I have three hundred and ninety-one actions we can take should we encounter danger.

“It’s got plenty of ideas. I’m not sure any of them are any good.”

That is not nice, Cal.

I released her, but she held me close to add on, “Solacens are different here. Some of these families have on Solace Moon for five or more generations. They’re not like us. You’d better let me do the talking.”

“My lips are sealed,” I whispered near her ear.

“C’mon. Save it for the bedroom and move it already,” a traveler griped from behind us.

Lyra shot him a glare over my shoulder before she turned back to the gate.

She remained close, her arm looped through mine, as we finished walking the airbridge and came to a stop as the passengers walked through the arrival scanner one by one.

I wondered what dangerous items passengers could have acquired in the short time between the TerraSoft-11 departure scanner and Solace Station’s arrival.

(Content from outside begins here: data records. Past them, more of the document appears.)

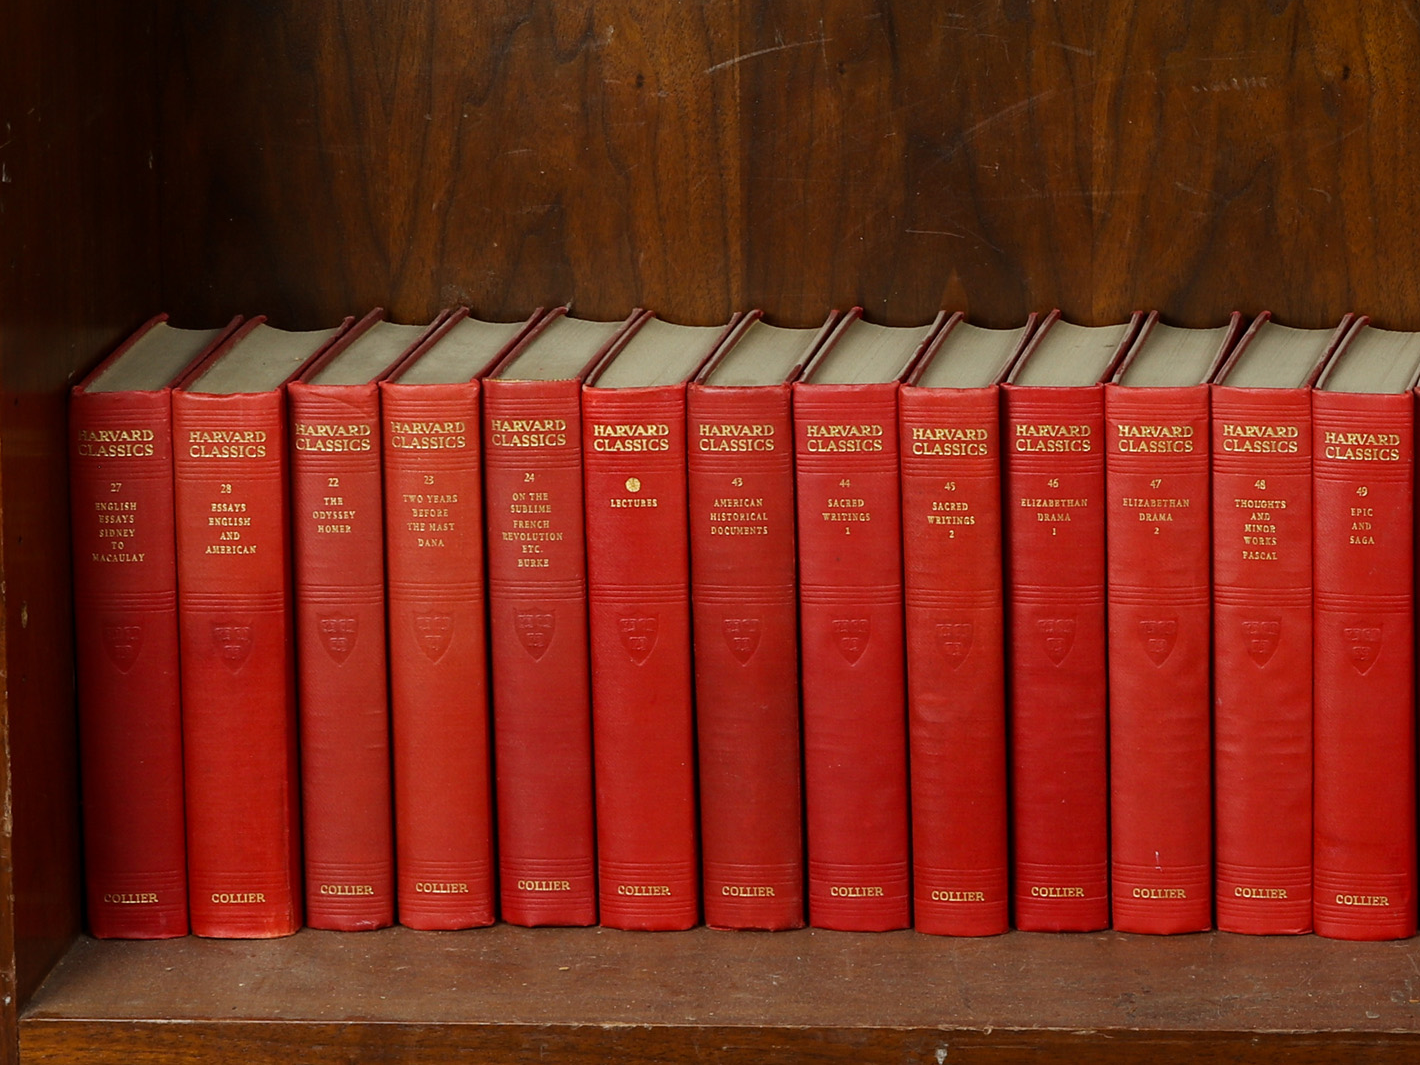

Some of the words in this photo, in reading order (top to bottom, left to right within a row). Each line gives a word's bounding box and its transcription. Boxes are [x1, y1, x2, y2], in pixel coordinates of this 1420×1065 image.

[492, 420, 566, 432] HARVARD
[699, 424, 774, 436] HARVARD
[1016, 424, 1091, 437] HARVARD
[189, 431, 266, 442] HARVARD
[492, 434, 566, 447] CLASSICS
[1325, 432, 1400, 445] HARVARD
[699, 439, 774, 451] CLASSICS
[1016, 439, 1091, 452] CLASSICS
[190, 445, 266, 458] CLASSICS
[1325, 446, 1399, 461] CLASSICS
[524, 473, 535, 482] 24
[732, 478, 743, 486] 43
[1048, 478, 1059, 488] 46
[221, 484, 232, 493] 28
[1356, 487, 1368, 496] 49
[512, 493, 525, 501] ON
[529, 493, 548, 501] THE
[714, 498, 763, 507] AMERICAN
[1021, 498, 1087, 507] ELIZABETHAN
[211, 503, 246, 512] ESSAYS
[511, 505, 551, 513] SUBLIME
[1351, 508, 1373, 516] EPIC
[208, 517, 251, 526] ENGLISH
[710, 513, 768, 521] HISTORICAL
[1037, 513, 1071, 521] DRAMA
[513, 520, 549, 529] FRENCH
[1352, 522, 1371, 530] AND
[711, 526, 768, 535] DOCUMENTS
[220, 532, 240, 540] AND
[502, 532, 563, 541] REVOLUTION
[1350, 536, 1374, 544] SAGA
[205, 545, 256, 554] AMERICAN
[522, 545, 543, 553] ETC.
[518, 559, 549, 567] BURKE
[518, 880, 570, 890] COLLIER
[721, 885, 774, 896] COLLIER
[1031, 886, 1084, 897] COLLIER
[211, 892, 265, 903] COLLIER
[1335, 895, 1389, 906] COLLIER
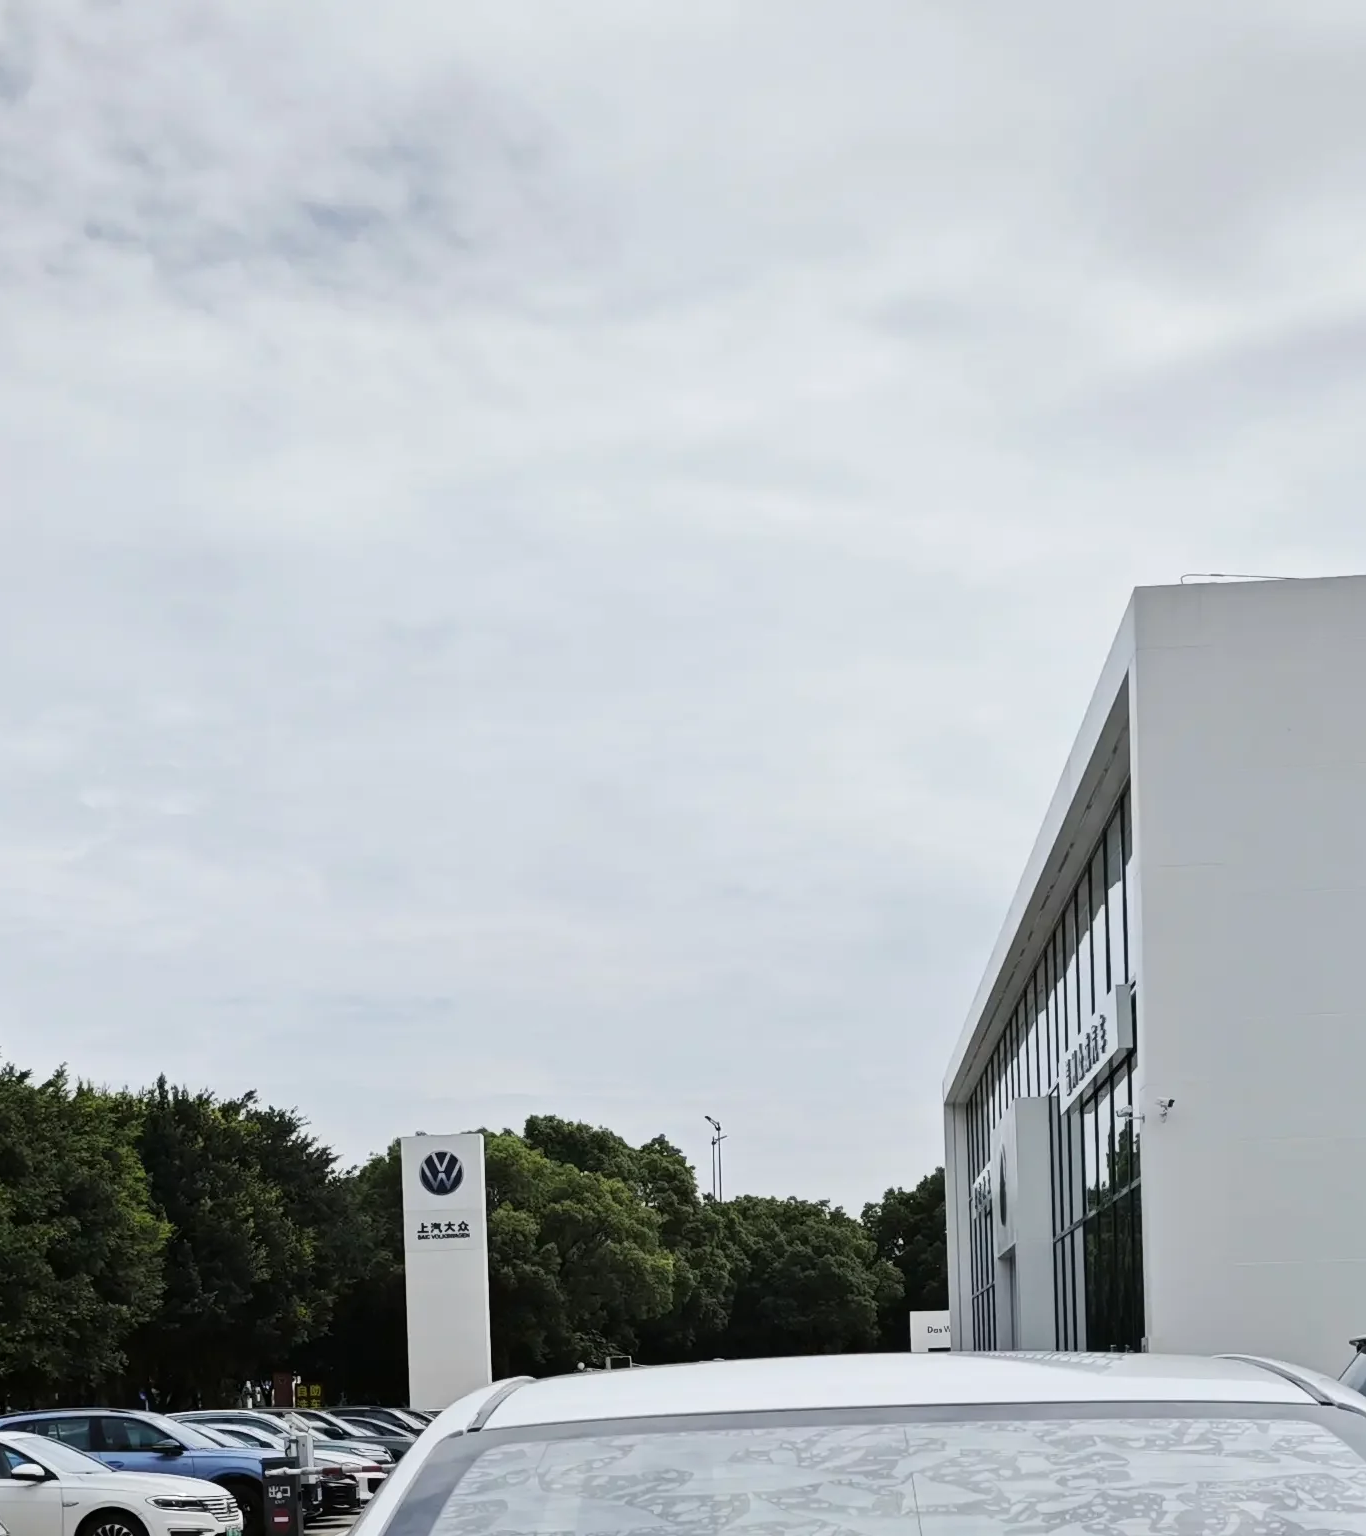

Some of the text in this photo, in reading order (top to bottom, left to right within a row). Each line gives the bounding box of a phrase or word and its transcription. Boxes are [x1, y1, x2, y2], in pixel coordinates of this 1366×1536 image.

[417, 1221, 470, 1234] 上汽大众
[296, 1384, 322, 1397] 自助
[268, 1485, 291, 1498] 出口
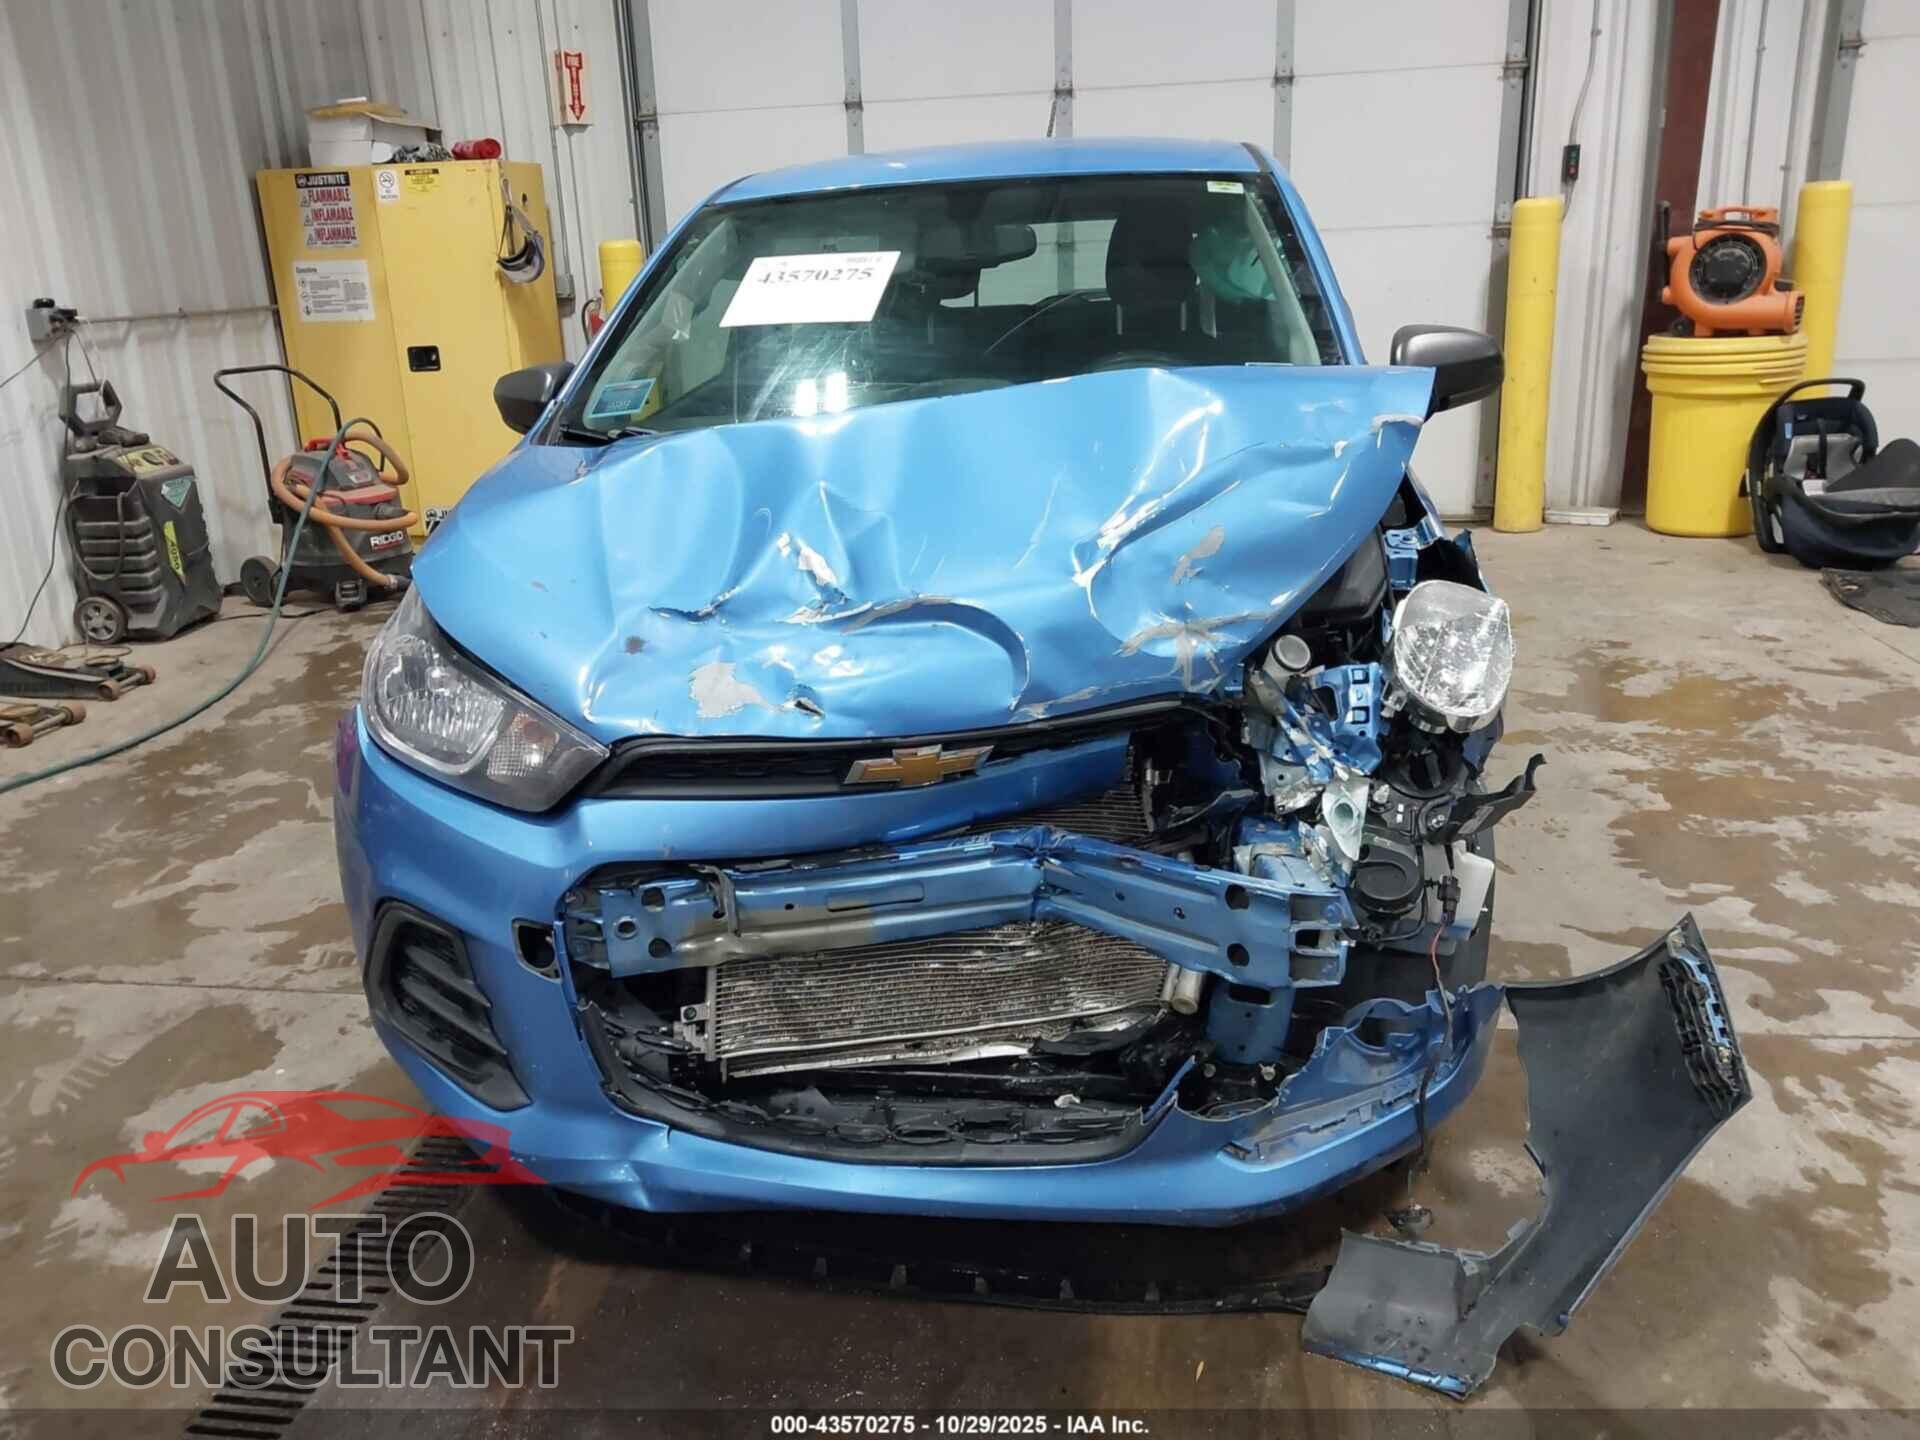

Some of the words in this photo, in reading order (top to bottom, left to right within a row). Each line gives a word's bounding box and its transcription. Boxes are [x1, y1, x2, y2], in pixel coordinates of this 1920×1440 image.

[307, 174, 346, 186] JUSTRITE
[308, 188, 351, 203] FLAMMABLE
[311, 207, 354, 222] INFLAMABLE

Seemed wasteful, which made sense. My theory was that eighty percent of the money corporations spent was purely to make the lives of people harder through unnecessary safety measures and add-on services that no one really wanted.

Except that beyond the scanner was a spaceport agent questioning each and every passenger. I tensed, nodding in that direction. “Is the interrogation bit a regular thing around here?”

“It’s standard. Every interplanetary arrival goes through an entry agent.”

That alleviated some of my concern, but I didn’t like seeing an entire squad of enforcers a hundred feet away. At least none of them were holding guns, so, for whatever reason they were there, it wasn’t for me… hopefully.